Re: Getting no REST

Stuart.  This discussion is blossoming.  If you don't mind, for the
moment I'd just like to focus on a couple of points.  If you ask, I
will respond to the other parts of your message.

> > Ah, see, there's the rub.  Application protocols *already* define those
> > semantics for you (some being more general than others).  The chameleon
> > view reuses them, whereas the tunneling view ignores them and reinvents
> > new ones.
> 
> I don't think I've seen anything in HTTP that attributes any semantics to a
> particular resource or resource representation.

That's what the HTTP method does; "PUT <resume>" means something different
than "POST <resume>", for example.

Consider a calendar.  PUTting a calendar replaces the old calendar with
the new calendar.  POSTing a calendar could be interpreted as trying
to arrange a meeting represented in the posted calendar, to my calendar
as the resource being posted to.

> A well specified sequence of
> resource manipulations intended to achieve some effect (place books in a
> shopping cart and pass through a checkout) is itself an application
> protocol.

Right.  But any task can be modelled as resources interacting via
insertion (POST), replacement (PUT), retrieval (GET), and deletion
(DELETE).  SQL (INSERT, UPDATE, SELECT, DELETE) works this way.
Unix (<, >, >>) works this way.  So why have methods "addBook()",
"getBook()", when "POST <book>", and "GET /book" would suffice?

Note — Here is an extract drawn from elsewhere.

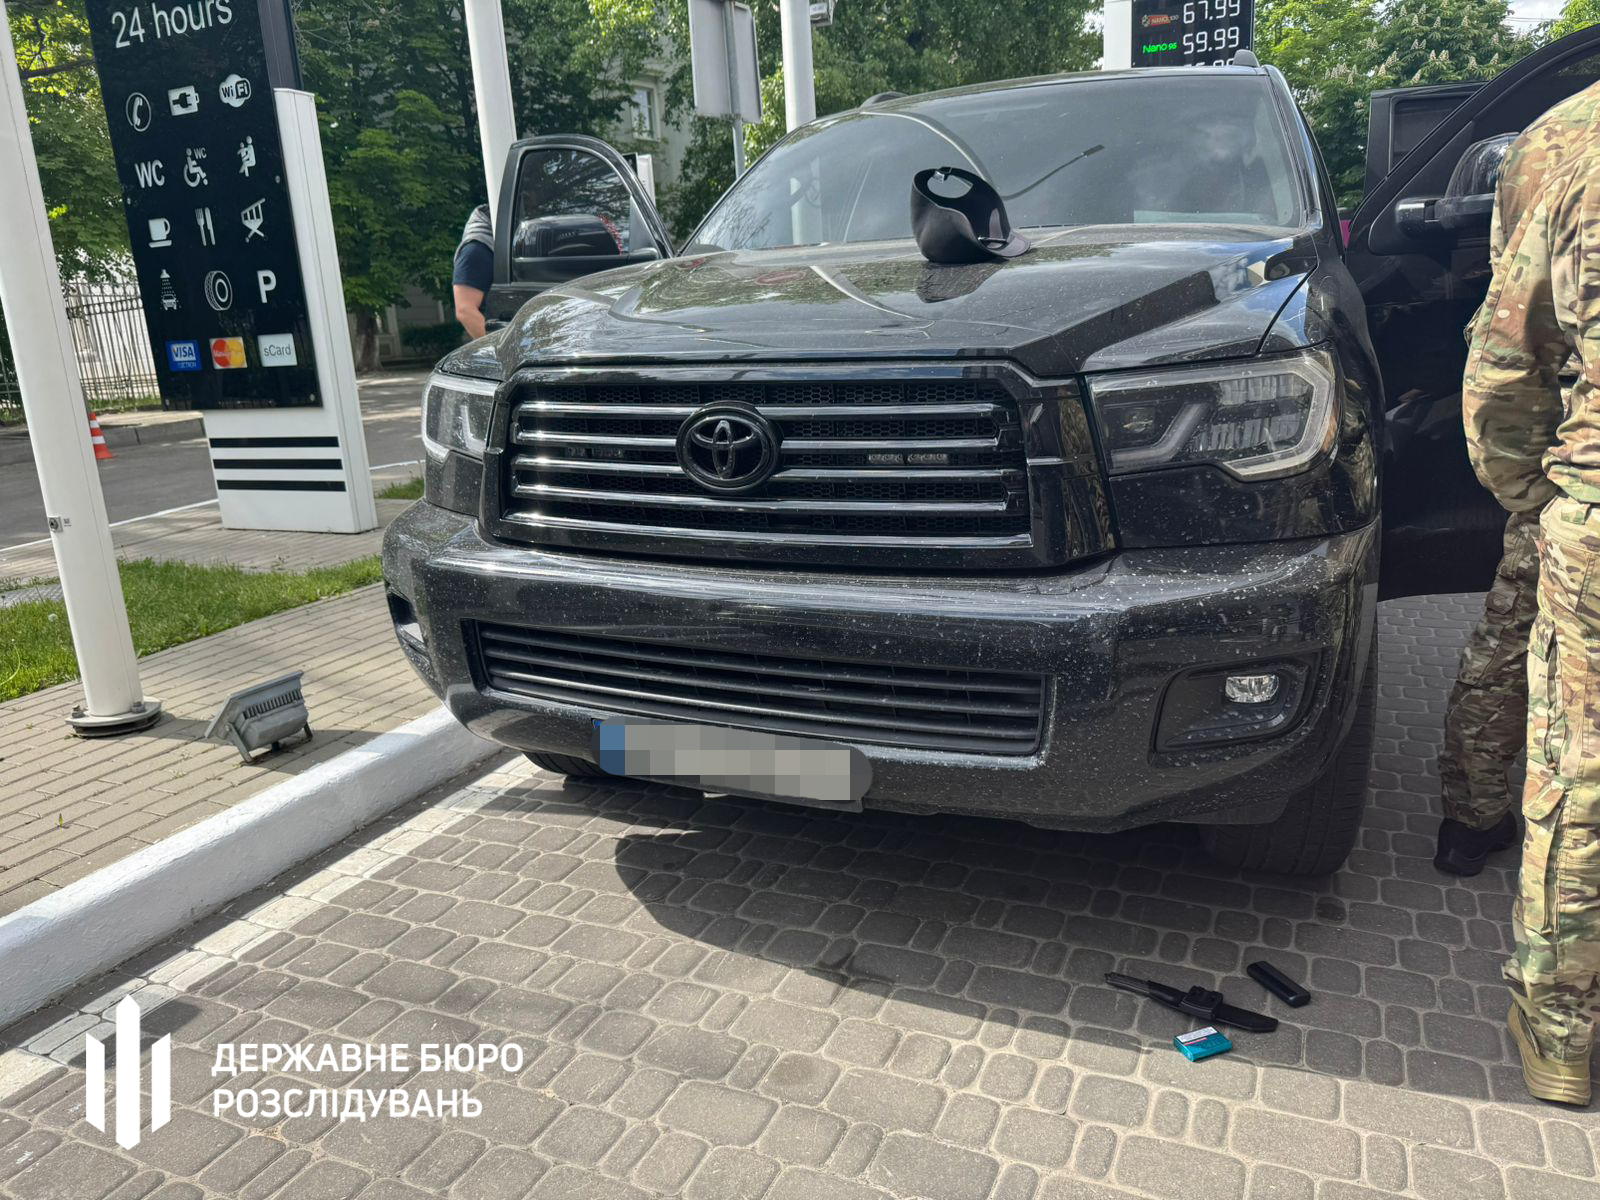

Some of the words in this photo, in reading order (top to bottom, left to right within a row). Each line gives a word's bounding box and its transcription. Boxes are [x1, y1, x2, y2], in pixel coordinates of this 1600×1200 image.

By generalizing distributed containment based operations, we create an
enormous opportunity for optimizing and securing our systems.
Optimization, because rather than requiring different intermediaries to
optimize book sales and dvd sales, we permit a single intermediary to
optimize both.  Ditto for security; we can have a single firewall that
permits us to define a security policy around generic methods, rather
than individual firewalls for each of DVD and book purchasing.

> > That's what a SOAP HTTP/SMTP gateway would do.  The value of SOAP as a
> > protocol here is the extended end-to-end model; that I could include
> > extension headers that I require that your end understand (assuming
> > your receiving SMTP processor dispatches on one of the headers we
> > included - note to self, see what email binding does here).
> 
> So... in this example, what goes in the HTTP POST response? How long does
> the gateway wait to decide?

That depends what we're trying to build.  For "just email", I'd return
a 200, since the gateway's job was successful - it got the message to
the MTA ok.

> What happens if the email system spits out a delivery failure message eg.
> been trying to deliver for 3 days and will keep going for another 8 days?

Then I would receive a notice because my email message is in that
message.

Alternately, if we wanted to build something with better end-to-end
guarantees I'd return a 201, create a resource in the gateway that
could be used to track the message, and return the URI of that resource
in the body of the 201 response (even a SOAP fault).  Then the client could
invoke GET on that to track it, much like you do with UPS.

> Ok.... there are four cases and I focussed on the wrong case (FIM=fault in
> message; FRP=Fault reported by underlying protocol):
> 
> 	FIM	FRP
> 	0	0	Clearly no fault!
> 	0	1	In consistency=>non-conformant message creator.
> 	1	1	Clearly a fault!
> 	1	0	see below.
> 
> Personnally, I think I would prefer the quotedness of the fault to be
> apparent within the message itself in which case I would regard this last
> case as non-conformant ie. if there is an unquoted fault in the message, its
> a fault and if the fault is quoted (wrapped) then overall the message is not
> a fault.
> 
> I suspect that your preference would be to make the FRP authorative, as a
> means to quote faults rather than assert them.

Right.

MB
-- 
Mark Baker, Chief Science Officer, Planetfred, Inc.